● **Your instructions**
Give the line with "this 1250×1875 image." again, along with every line below it to the end of the records, word for word.

⟨

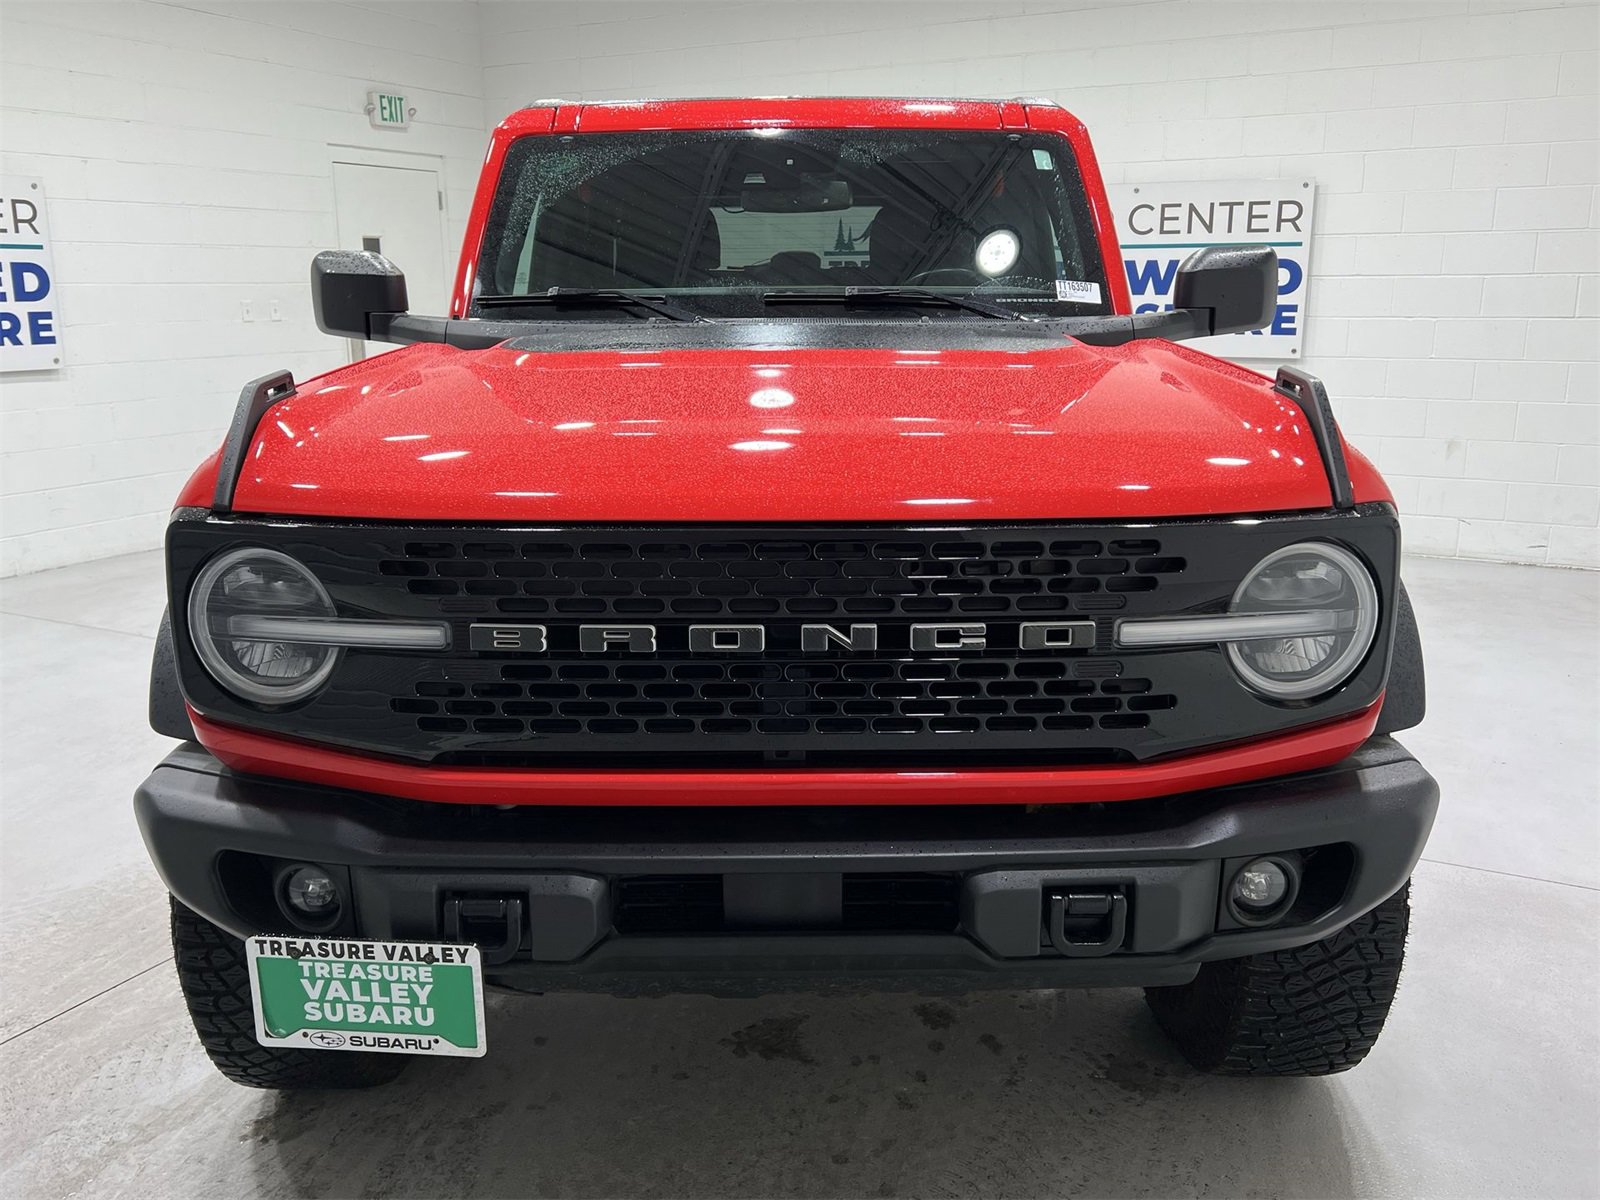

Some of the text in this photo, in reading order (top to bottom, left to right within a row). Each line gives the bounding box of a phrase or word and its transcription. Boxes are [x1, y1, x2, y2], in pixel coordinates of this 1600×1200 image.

[378, 94, 404, 124] EXIT
[1127, 199, 1304, 236] CENTER
[1057, 280, 1093, 292] TT163507
[469, 620, 1097, 654] BRONCO
[254, 939, 470, 964] TREASURE VALLEY
[298, 961, 434, 983] TREASURE
[299, 978, 434, 1006] VALLEY
[303, 1001, 436, 1027] SUBARU
[349, 1036, 434, 1051] SUBARU
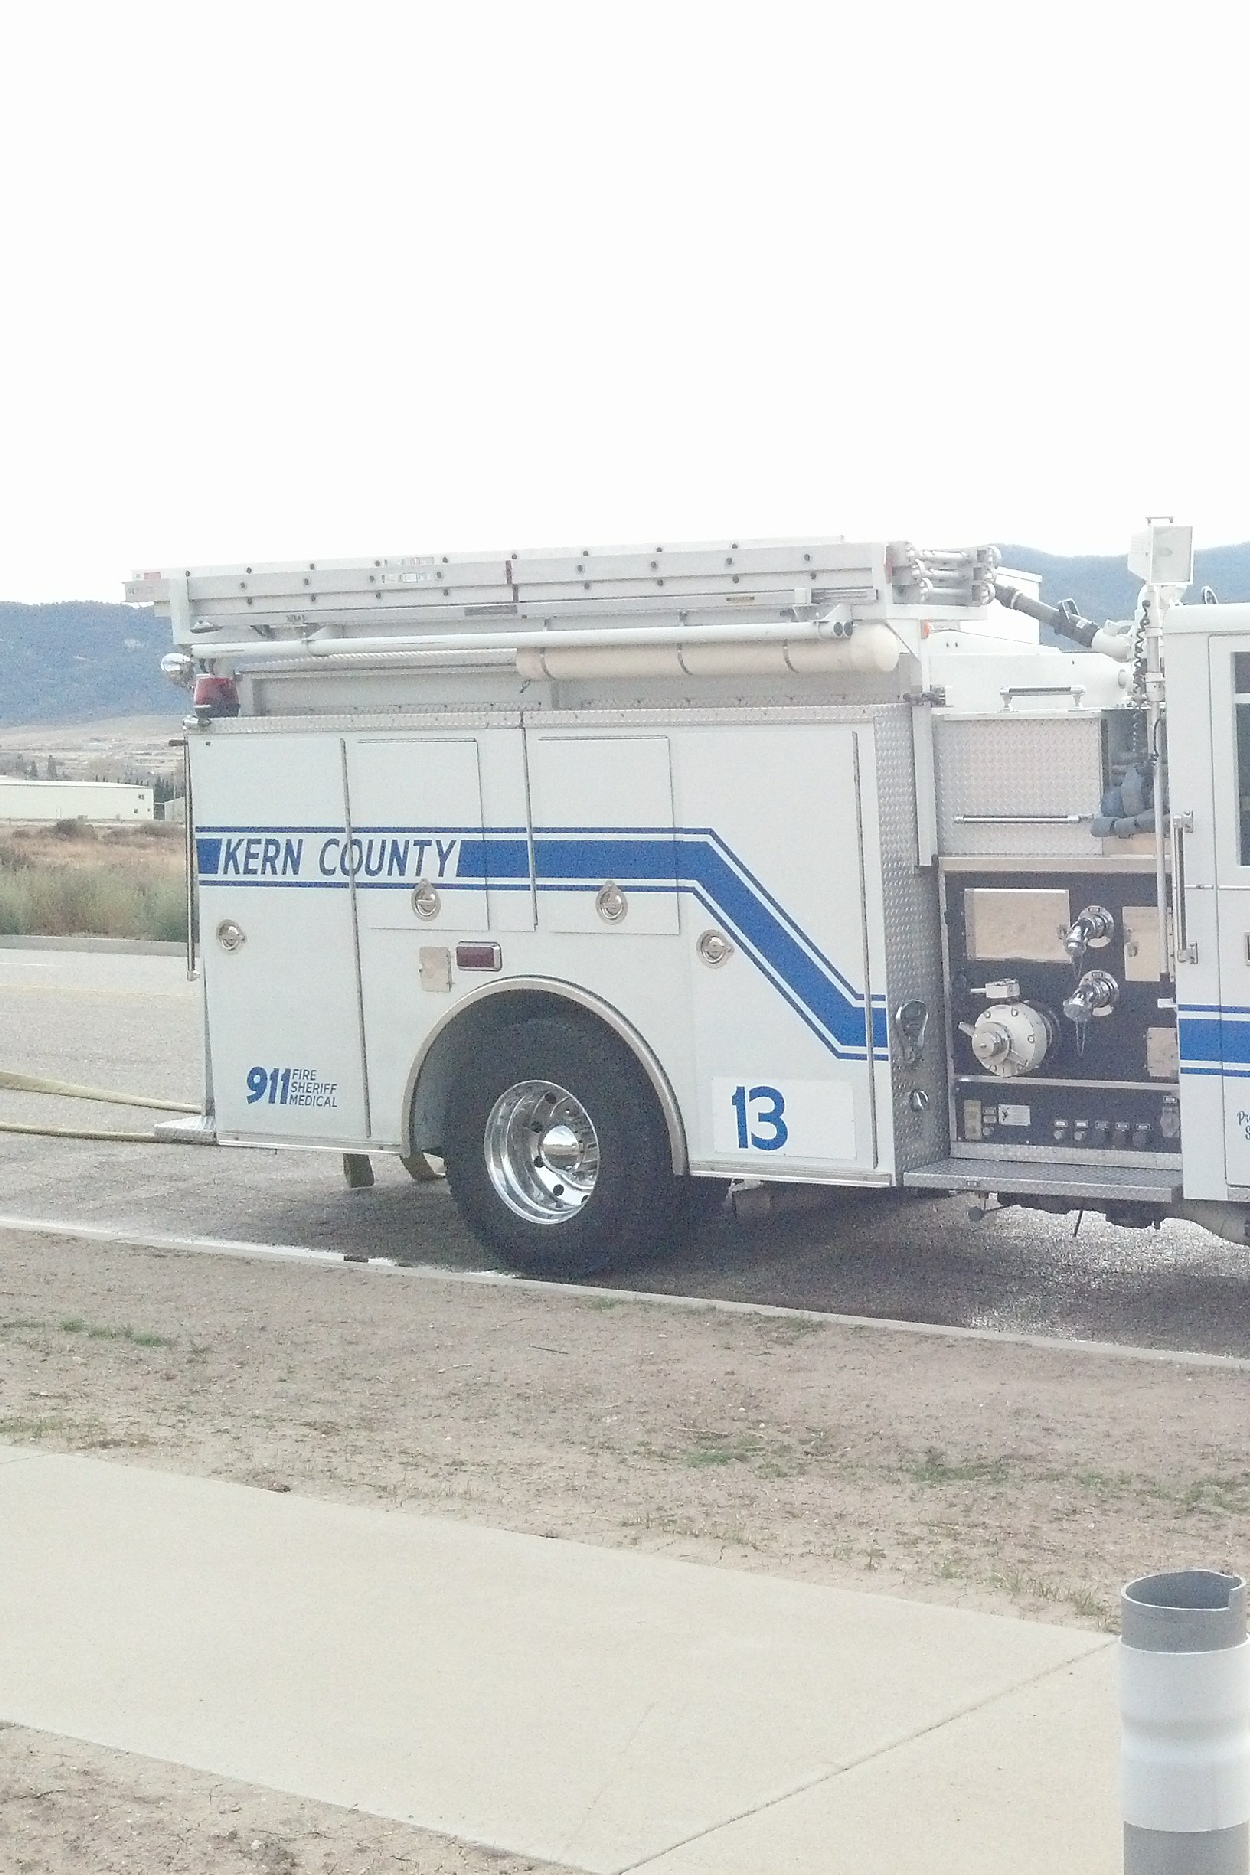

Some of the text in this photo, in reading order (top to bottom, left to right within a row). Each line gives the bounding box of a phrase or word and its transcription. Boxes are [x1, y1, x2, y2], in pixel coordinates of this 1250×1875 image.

[223, 838, 456, 877] KERN COUNTY
[246, 1066, 291, 1104] 911
[291, 1068, 317, 1081] FIRE
[288, 1094, 338, 1108] MEDICAL
[290, 1081, 338, 1095] SHERIFF
[731, 1085, 788, 1151] 13

⟩

● **Expected answer**
Some of the text in this photo, in reading order (top to bottom, left to right within a row). Each line gives the bounding box of a phrase or word and its transcription. Boxes are [x1, y1, x2, y2], in pixel coordinates of this 1250×1875 image.

[223, 838, 456, 877] KERN COUNTY
[246, 1066, 291, 1104] 911
[291, 1068, 317, 1081] FIRE
[288, 1094, 338, 1108] MEDICAL
[290, 1081, 338, 1095] SHERIFF
[731, 1085, 788, 1151] 13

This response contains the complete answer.